• **RECORDS PROVIDED**
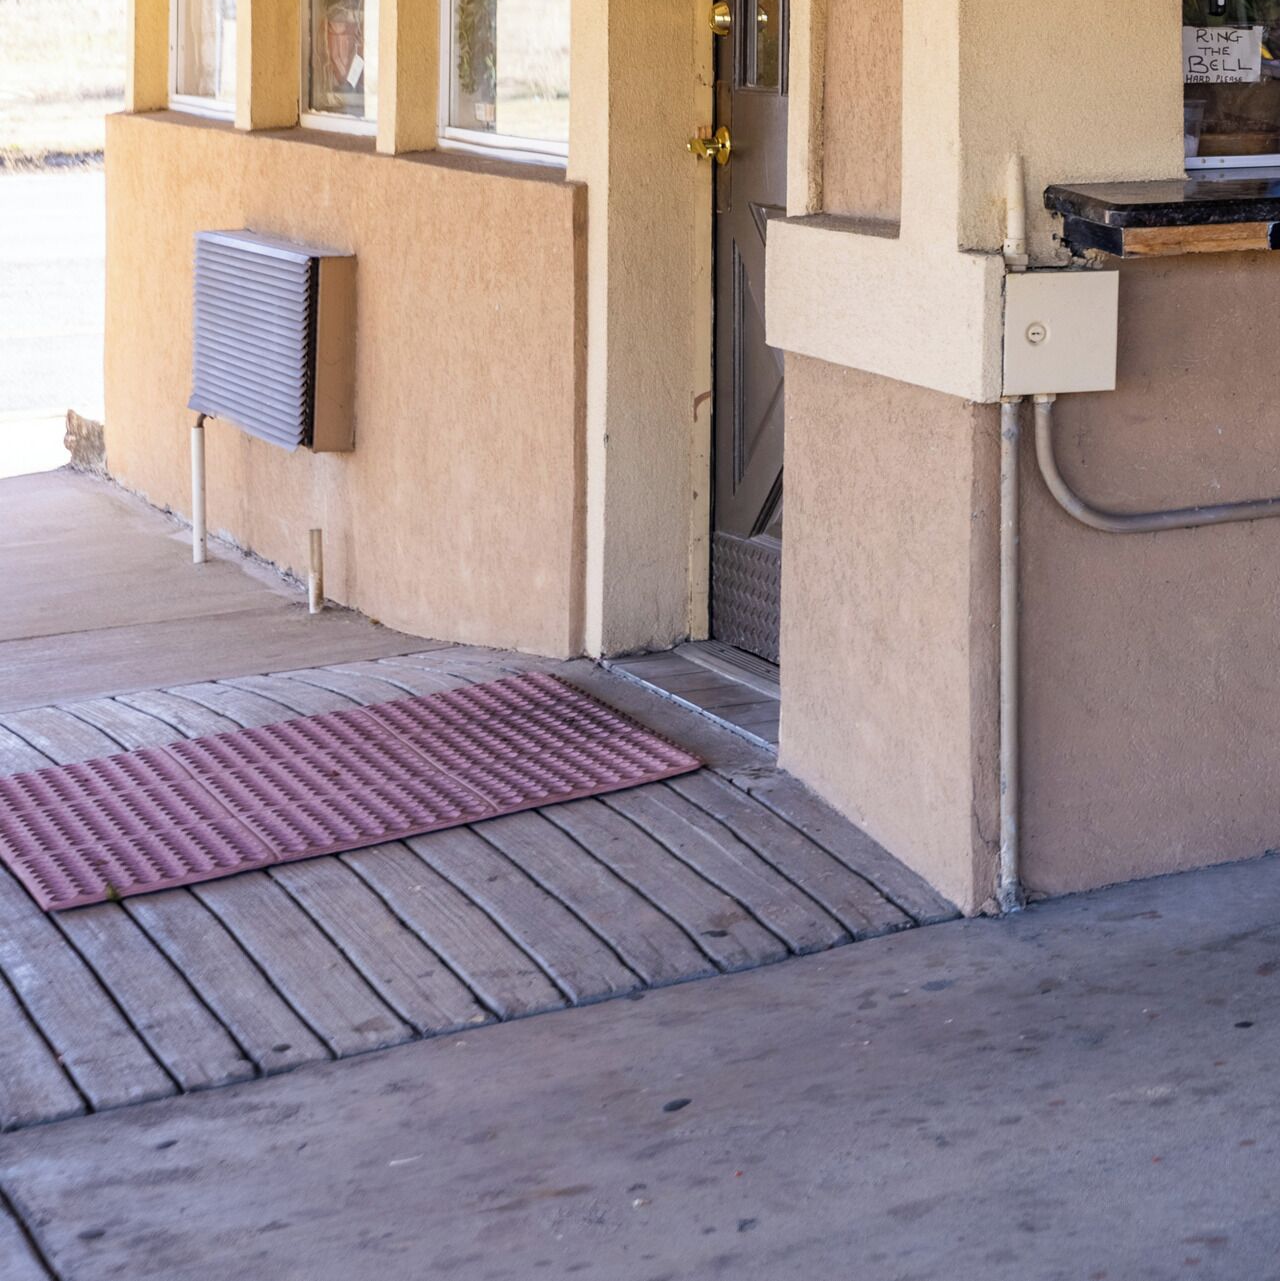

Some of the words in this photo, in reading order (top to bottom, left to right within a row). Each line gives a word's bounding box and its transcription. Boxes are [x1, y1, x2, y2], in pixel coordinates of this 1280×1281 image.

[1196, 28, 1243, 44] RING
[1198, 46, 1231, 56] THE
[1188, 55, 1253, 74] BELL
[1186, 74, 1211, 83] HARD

• **EXERCISE BRIEF**
Please give every line above again word for word, apart from the pictures.

• **ANSWER FOR THE TASK**
Some of the words in this photo, in reading order (top to bottom, left to right within a row). Each line gives a word's bounding box and its transcription. Boxes are [x1, y1, x2, y2], in pixel coordinates of this 1280×1281 image.

[1196, 28, 1243, 44] RING
[1198, 46, 1231, 56] THE
[1188, 55, 1253, 74] BELL
[1186, 74, 1211, 83] HARD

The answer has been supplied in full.